Disagreements between bullish and bearish camps have since intensified. The bear camp points out that Allianz Research data shows the growth gap between AI investment and sales has reached 46%, with the degree of imbalance exceeding the 32% seen when the telecom bubble burst in 2001. The bull camp counters that although the average token price has plunged by 90% since 2023, total spending has still grown by nearly one time, meaning the index’s decline is merely the structural digestion of lower pricing driving consumption, and that the return on investment during the inference phase is, over the long run, far more optimistic than during the training phase.
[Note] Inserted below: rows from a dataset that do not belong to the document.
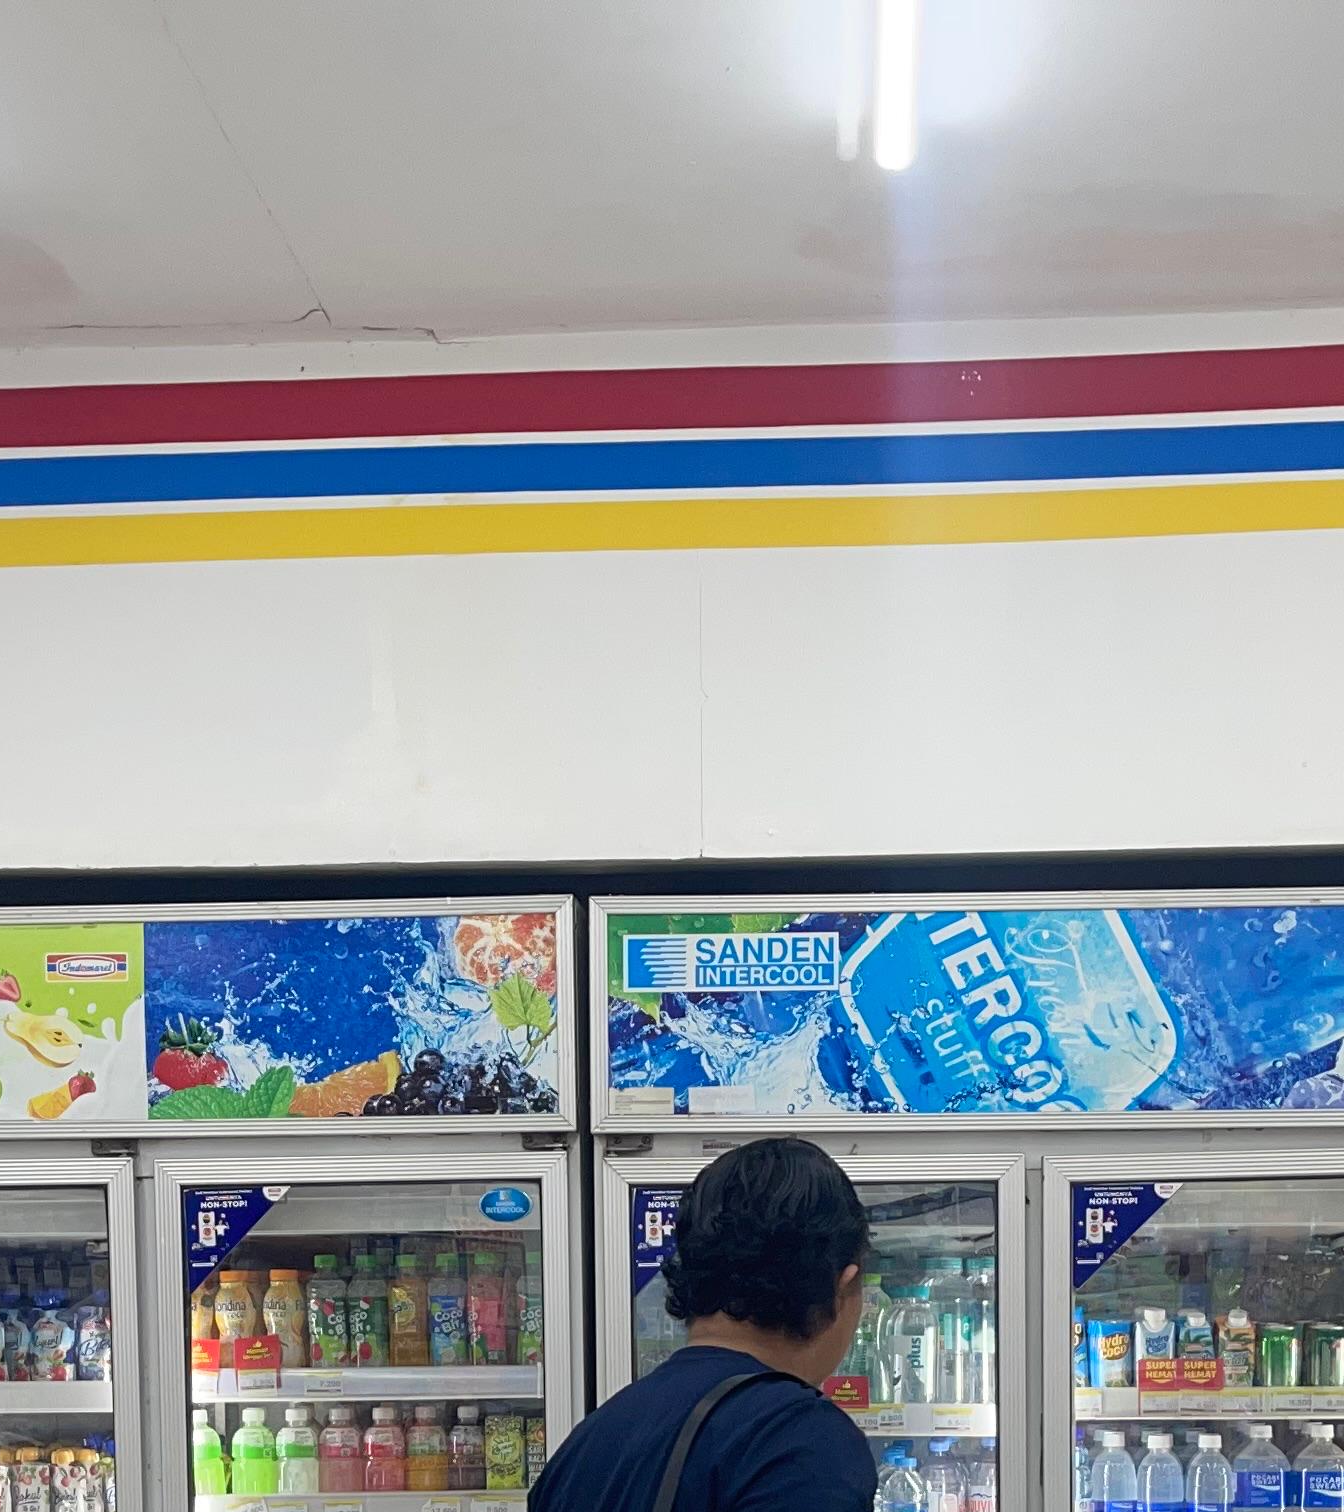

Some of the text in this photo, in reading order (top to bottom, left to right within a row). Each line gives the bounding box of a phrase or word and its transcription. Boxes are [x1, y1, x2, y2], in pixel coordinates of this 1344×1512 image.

[695, 938, 835, 963] SANDEN
[698, 965, 831, 986] INTERCOOL
[648, 1201, 680, 1209] NON-ST
[1184, 1361, 1217, 1369] SUPER
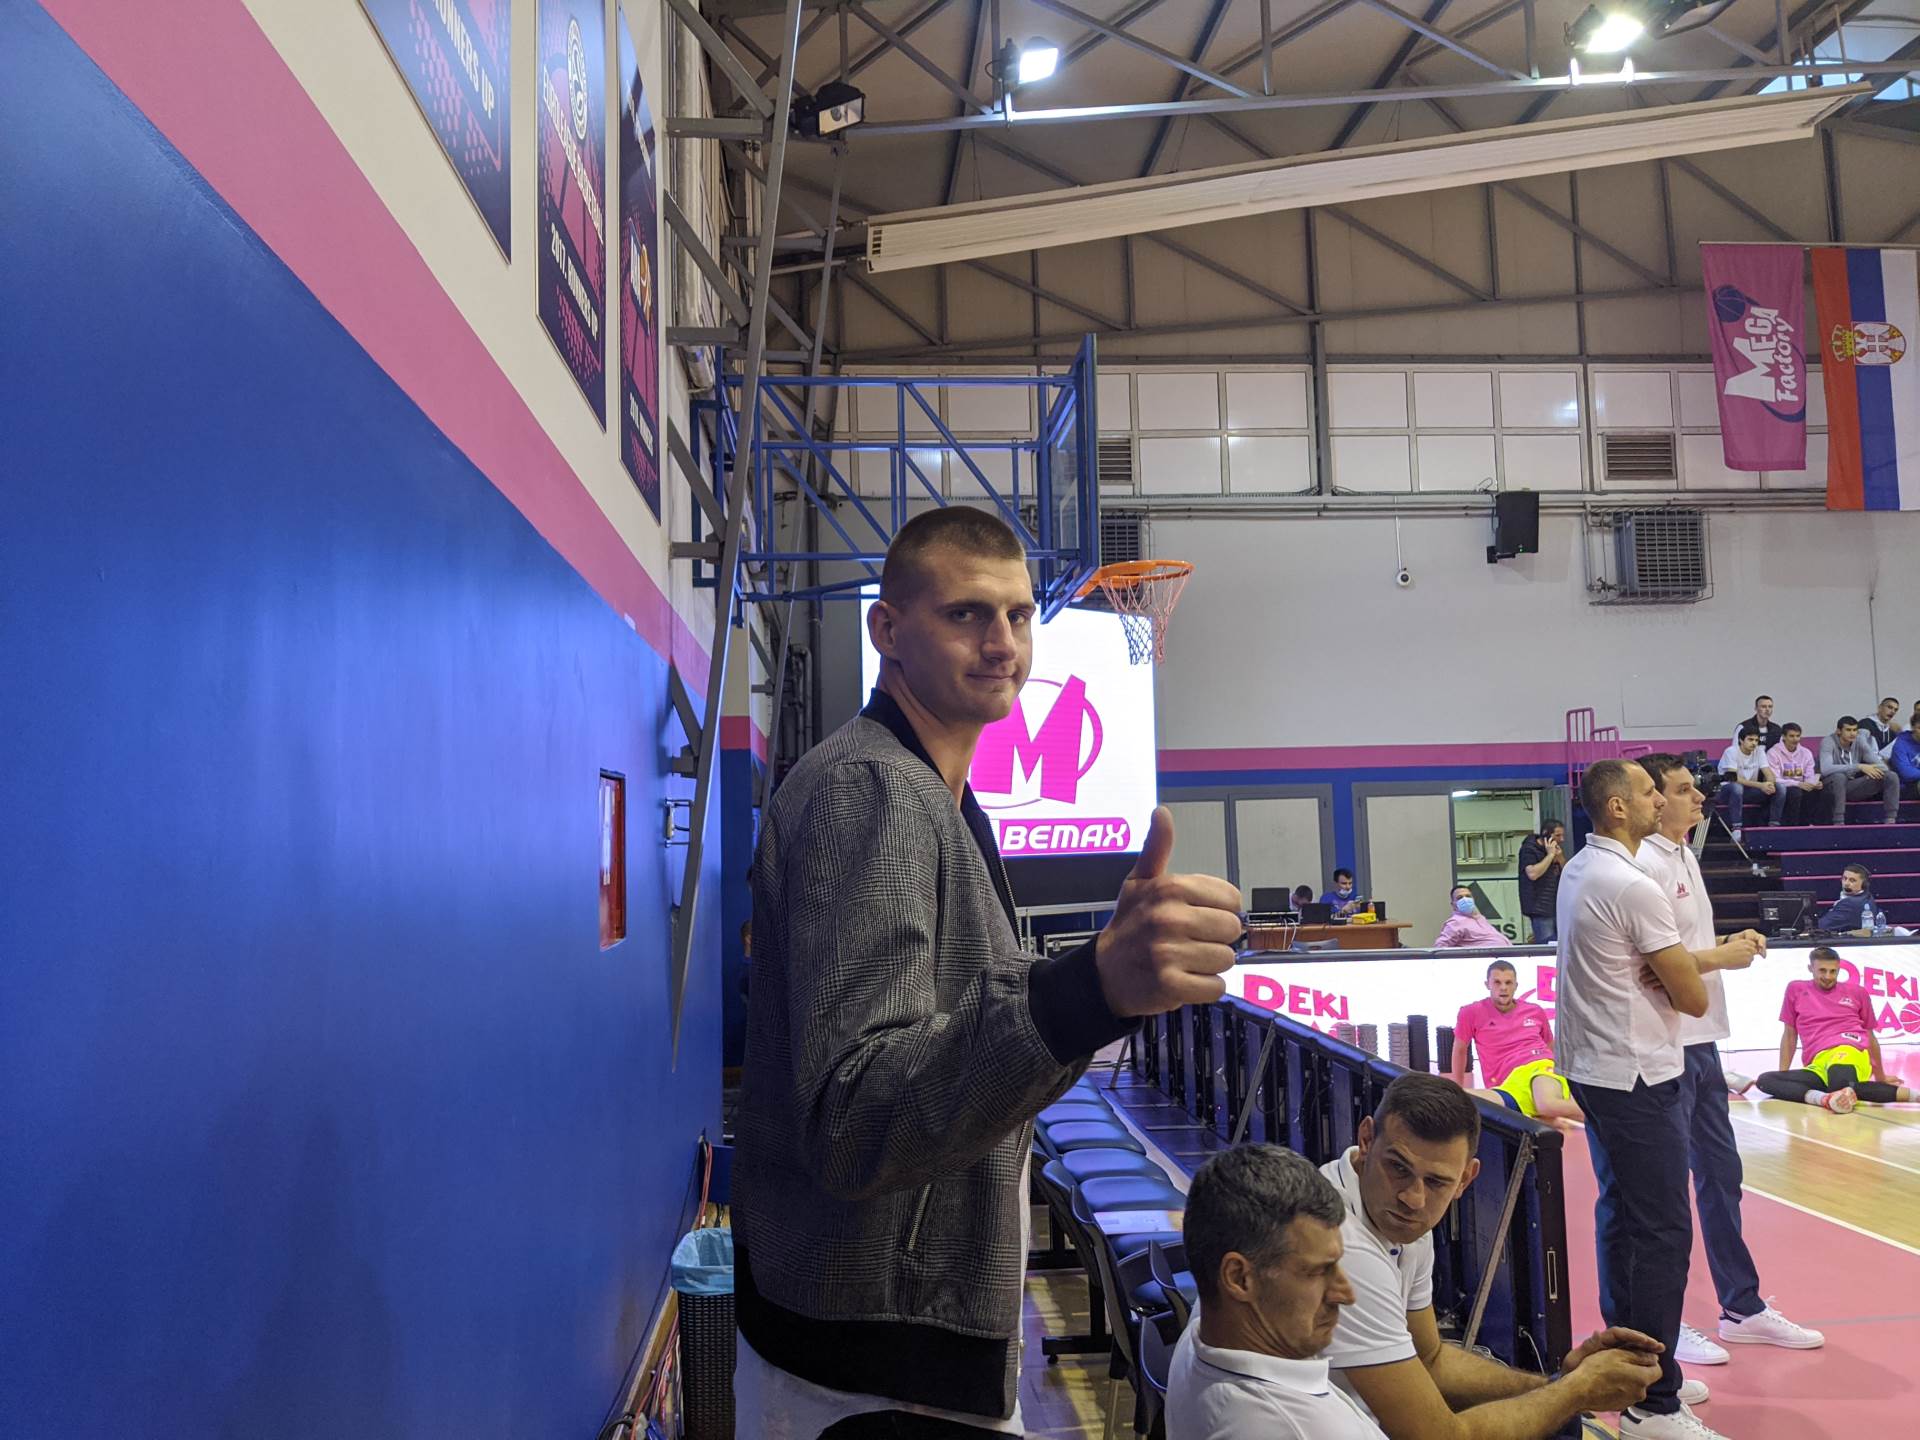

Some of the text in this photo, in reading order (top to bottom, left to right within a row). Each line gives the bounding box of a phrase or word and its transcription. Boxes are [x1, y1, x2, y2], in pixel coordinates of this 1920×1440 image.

[481, 67, 495, 120] UP
[1723, 306, 1779, 403] MEGA
[1774, 316, 1799, 402] Factory
[1002, 823, 1128, 851] BEMAX
[1243, 973, 1350, 1021] DEKI
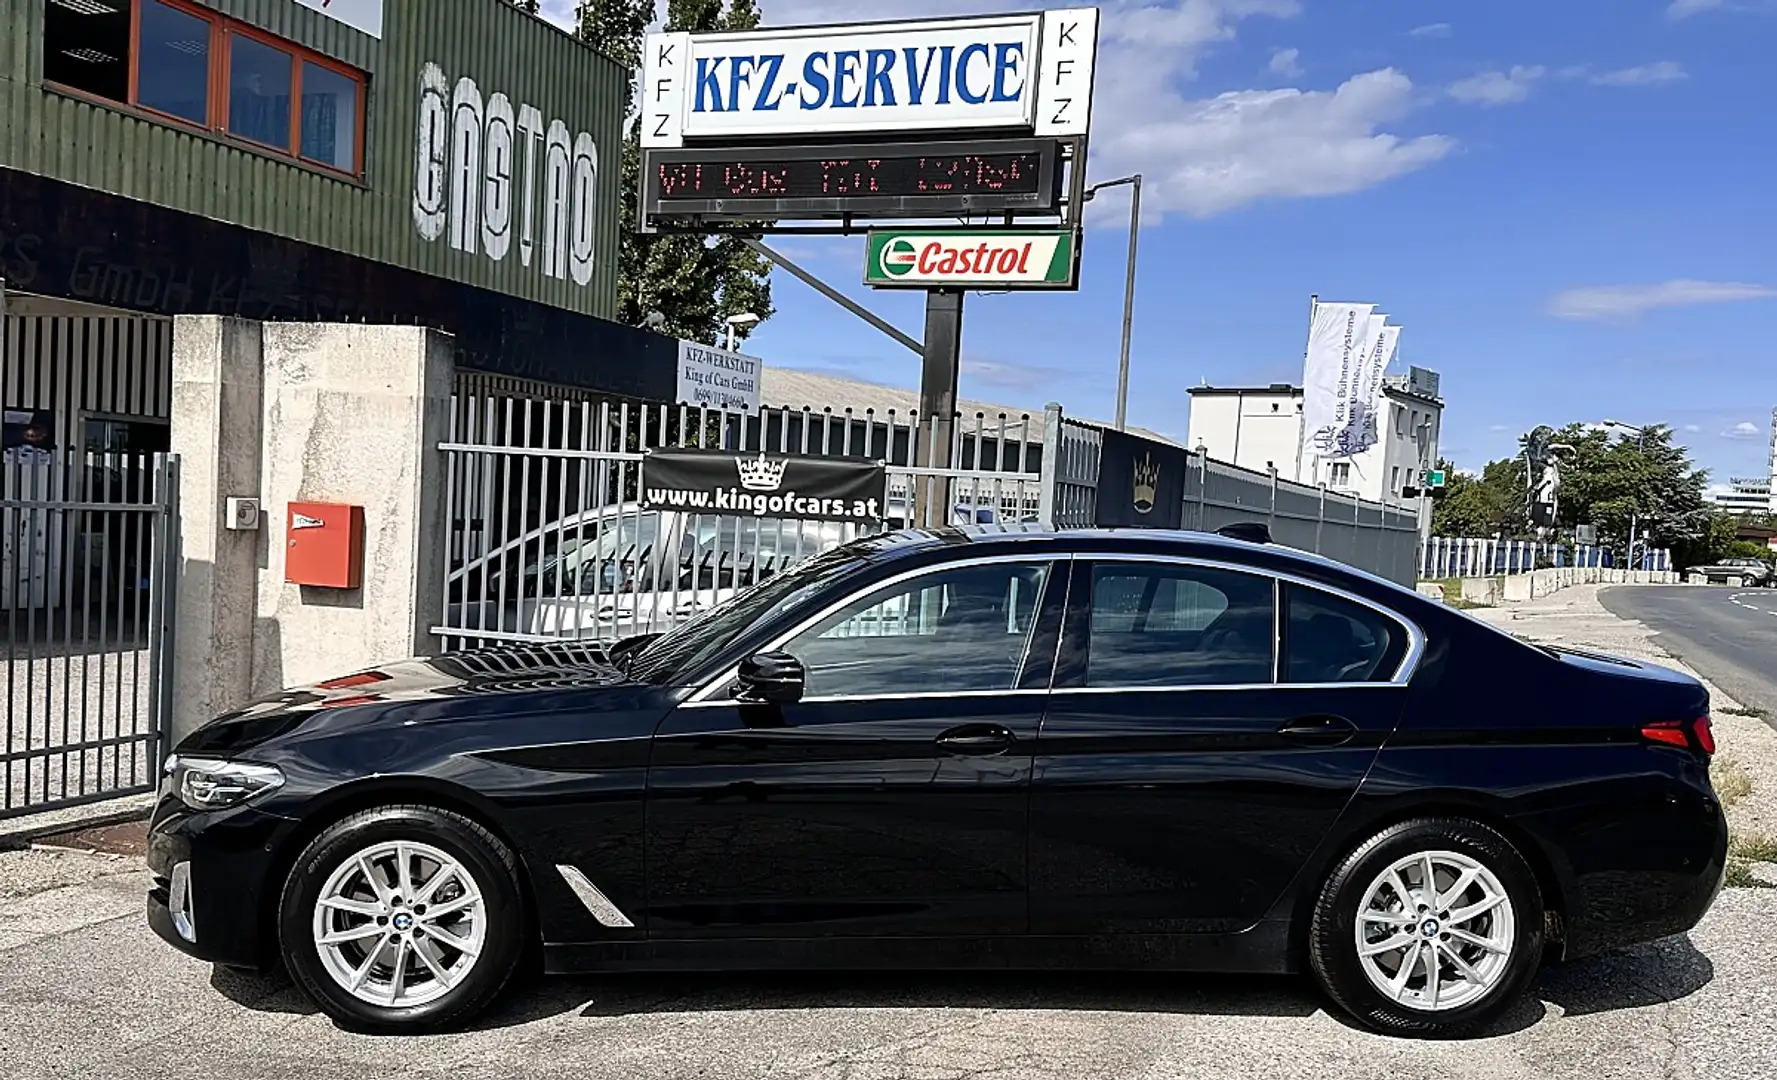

Strengthening policy and regulation is turning into implicit compliance costs for enterprise users. Washington has imposed more stringent policy reviews on the distribution of frontier models and cross-border access (such as release reviews for OpenAI and geopolitical export controls on Anthropic models), together with the EU AI Act’s strict compliance requirements for top-tier models, which places a heavy policy burden on leading platforms. To avoid geopolitical and compliance risks, corporate CFOs now have more rational reasons to proactively divert workloads toward mid- and smaller lightweight models that carry no regulatory burden.
Subtle changes are also emerging in the hardware chip sector. Although orders for top-tier GPUs and high-bandwidth memory HBM are already fully booked through 2026, and any meaningful easing of supply-and-demand is not expected until 2028, the market’s main purchasing force has begun shifting from training chips to inference-optimized hardware, and the winners’ structure is being reshuffled.